* Brief: Write the following entries out again exactly, skipping each image.

* Data to process:
□ □ □ □

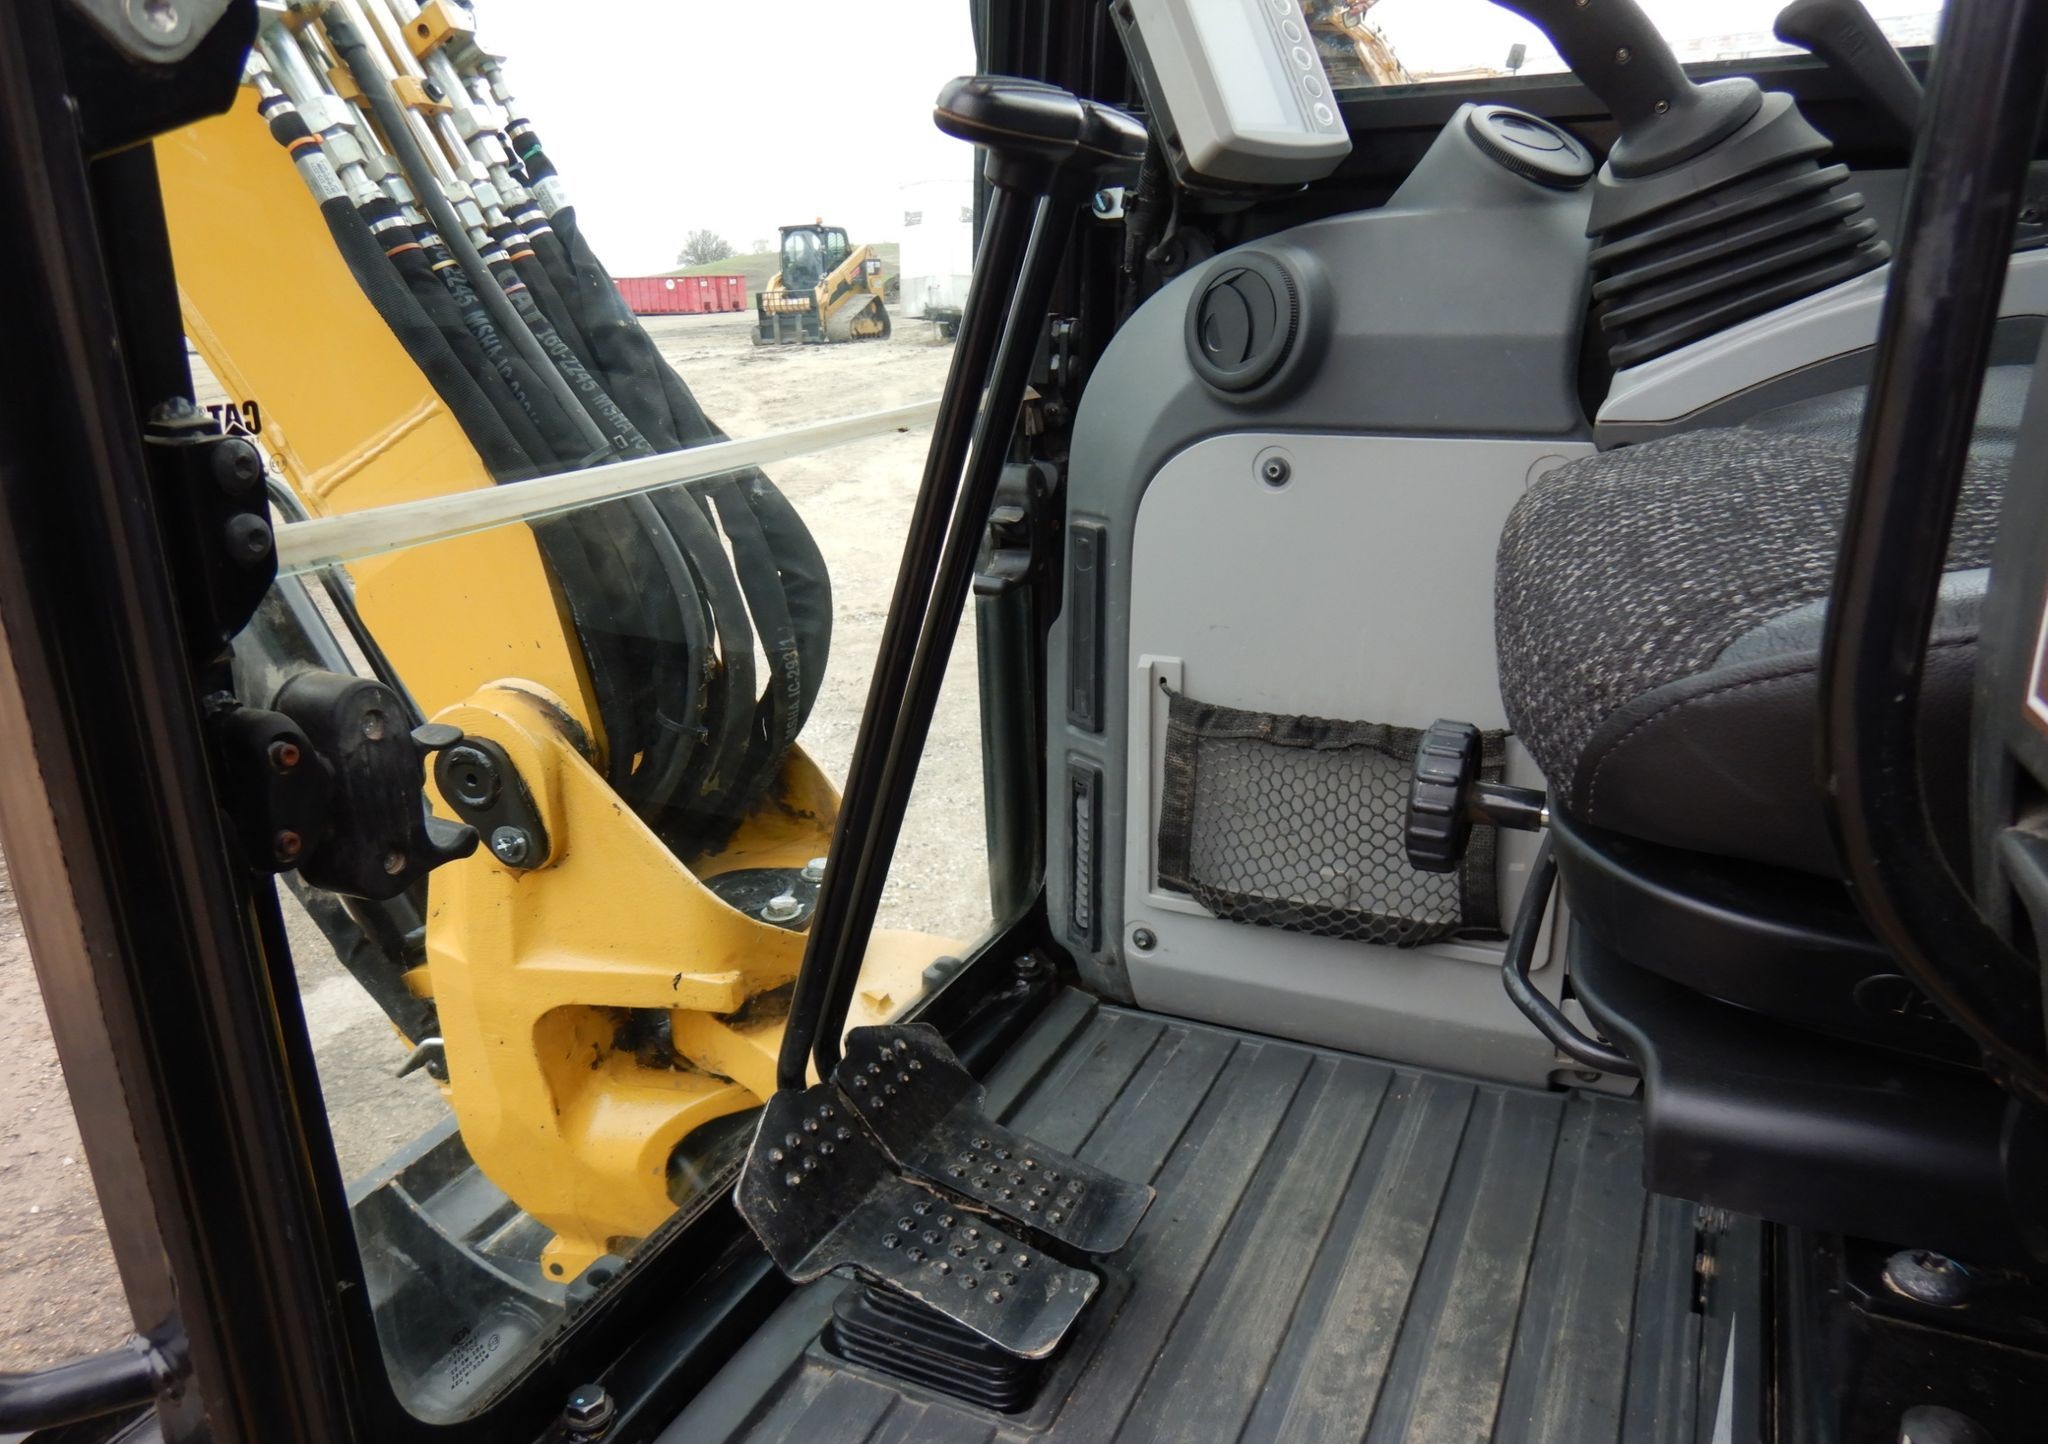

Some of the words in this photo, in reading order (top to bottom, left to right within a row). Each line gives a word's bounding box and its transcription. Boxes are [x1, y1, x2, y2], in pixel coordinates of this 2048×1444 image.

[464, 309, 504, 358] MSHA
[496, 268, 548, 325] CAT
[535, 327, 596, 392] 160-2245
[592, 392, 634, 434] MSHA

□ □ □ □

* Answer box:
Some of the words in this photo, in reading order (top to bottom, left to right within a row). Each line gives a word's bounding box and its transcription. Boxes are [x1, y1, x2, y2], in pixel coordinates of this 2048×1444 image.

[464, 309, 504, 358] MSHA
[496, 268, 548, 325] CAT
[535, 327, 596, 392] 160-2245
[592, 392, 634, 434] MSHA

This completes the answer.